START Information

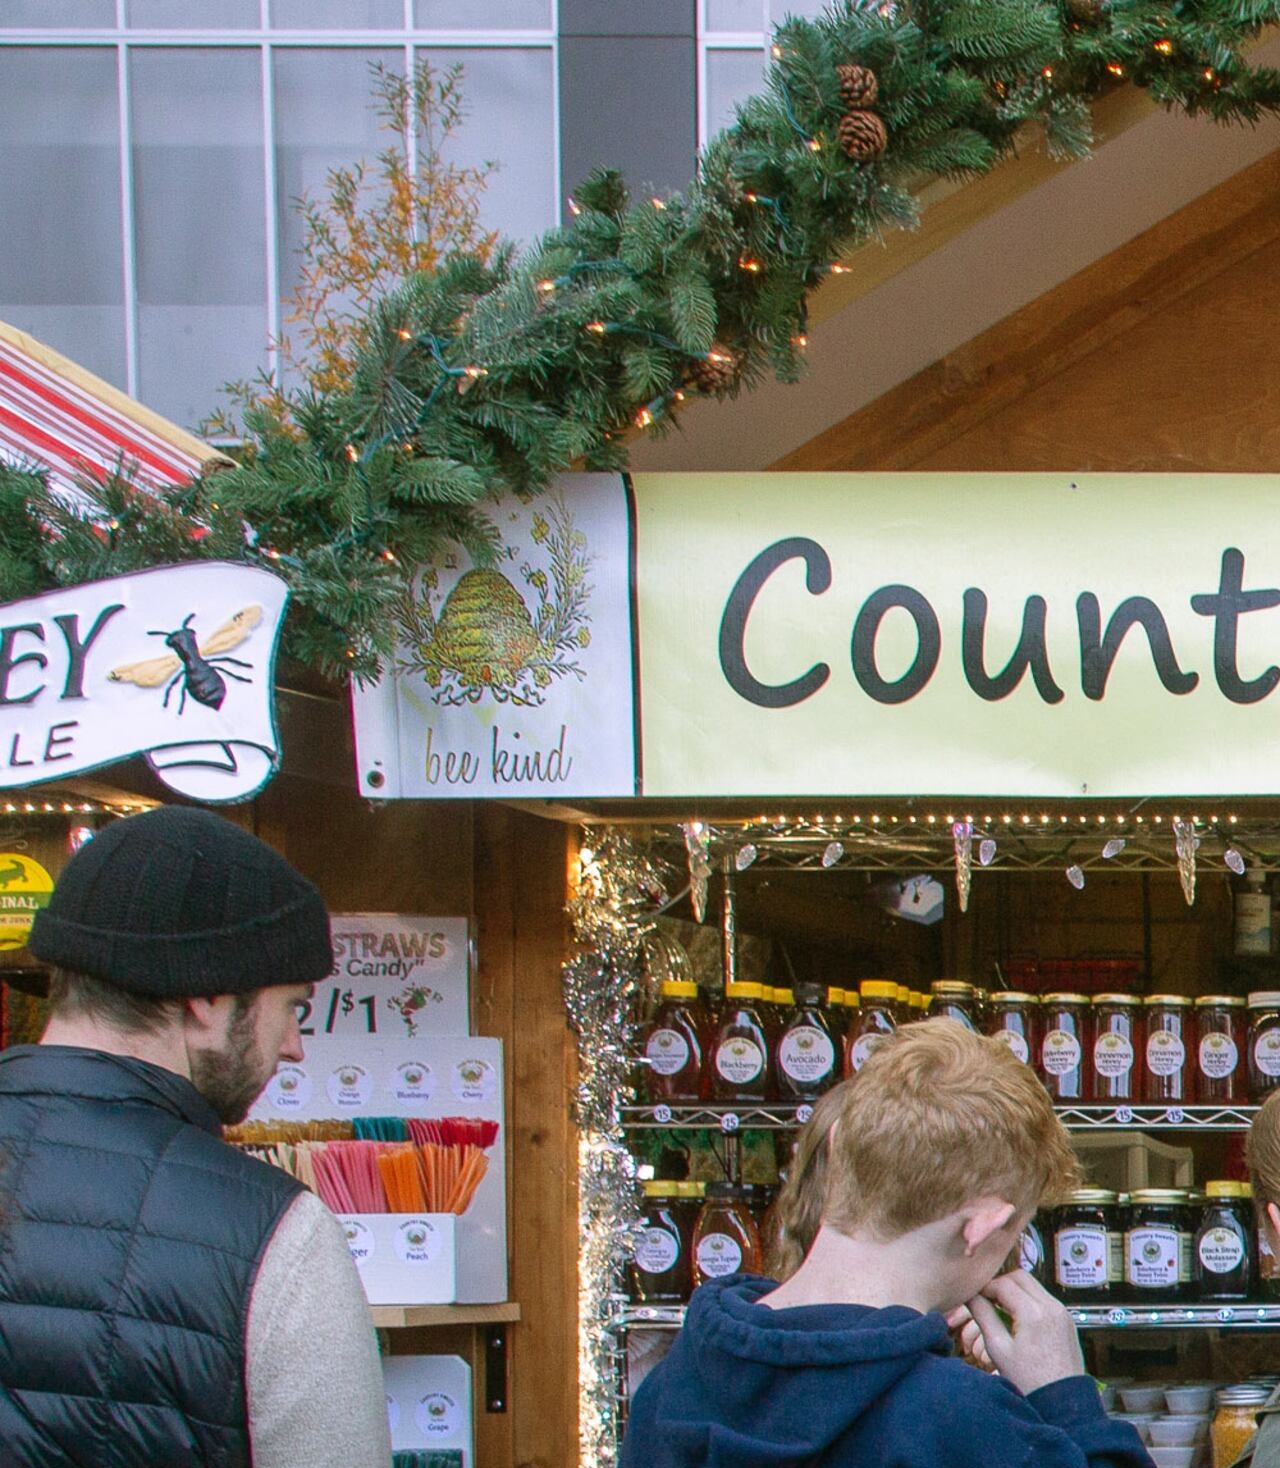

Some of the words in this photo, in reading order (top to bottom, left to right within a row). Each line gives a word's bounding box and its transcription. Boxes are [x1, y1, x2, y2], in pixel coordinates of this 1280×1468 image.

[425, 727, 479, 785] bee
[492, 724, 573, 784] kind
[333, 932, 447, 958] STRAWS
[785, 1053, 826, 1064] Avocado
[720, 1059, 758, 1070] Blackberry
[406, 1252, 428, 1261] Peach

END Information

Task to complete - Transcribe the entries above verbatim, omitting their pictures.

Final answer -
Some of the words in this photo, in reading order (top to bottom, left to right within a row). Each line gives a word's bounding box and its transcription. Boxes are [x1, y1, x2, y2], in pixel coordinates of this 1280×1468 image.

[425, 727, 479, 785] bee
[492, 724, 573, 784] kind
[333, 932, 447, 958] STRAWS
[785, 1053, 826, 1064] Avocado
[720, 1059, 758, 1070] Blackberry
[406, 1252, 428, 1261] Peach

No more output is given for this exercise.